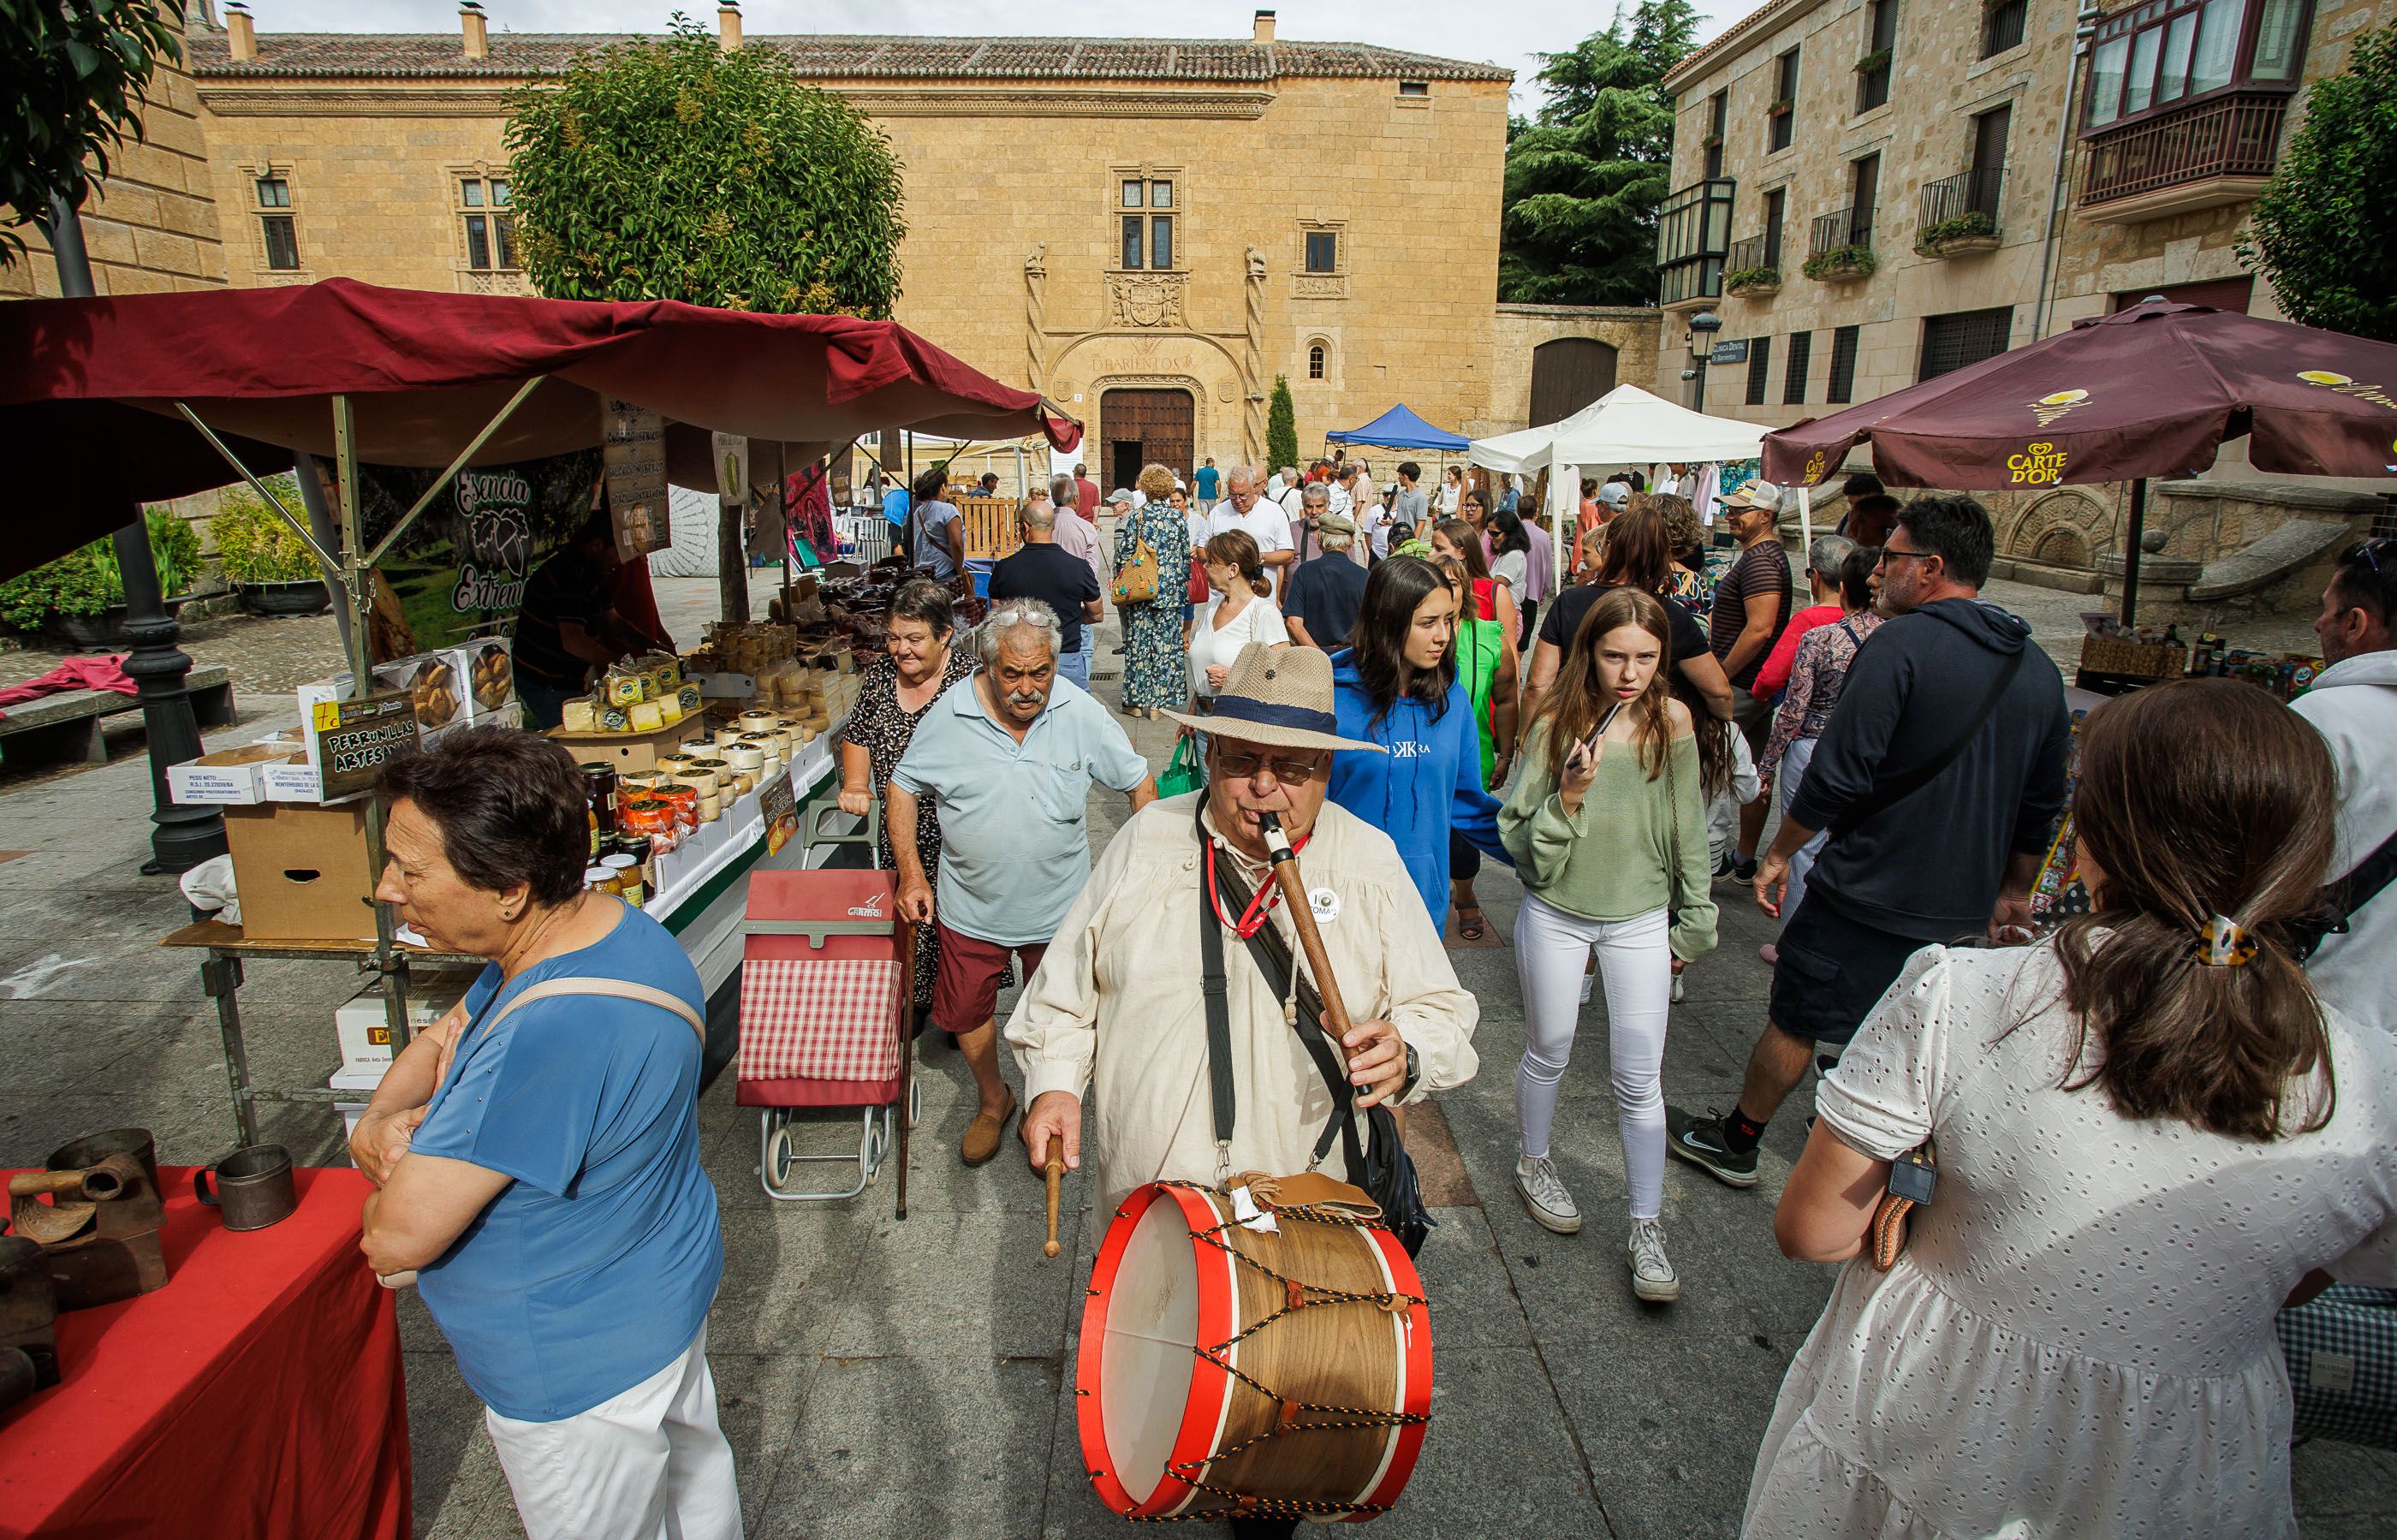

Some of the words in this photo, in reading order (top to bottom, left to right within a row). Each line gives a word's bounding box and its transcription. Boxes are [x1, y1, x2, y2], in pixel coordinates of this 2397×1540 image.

[2007, 452, 2067, 470] CARTE
[2011, 468, 2058, 485] D'OR
[455, 468, 530, 517] Esencia
[328, 720, 414, 753] PERRUNILLAS
────────
Copy the data exactly. Pictures do not belong in the copy.

Some of the words in this photo, in reading order (top to bottom, left to right within a row). Each line gives a word's bounding box and its transcription. Boxes are [x1, y1, x2, y2], in pixel coordinates of this 2397×1540 image.

[2007, 452, 2067, 470] CARTE
[2011, 468, 2058, 485] D'OR
[455, 468, 530, 517] Esencia
[328, 720, 414, 753] PERRUNILLAS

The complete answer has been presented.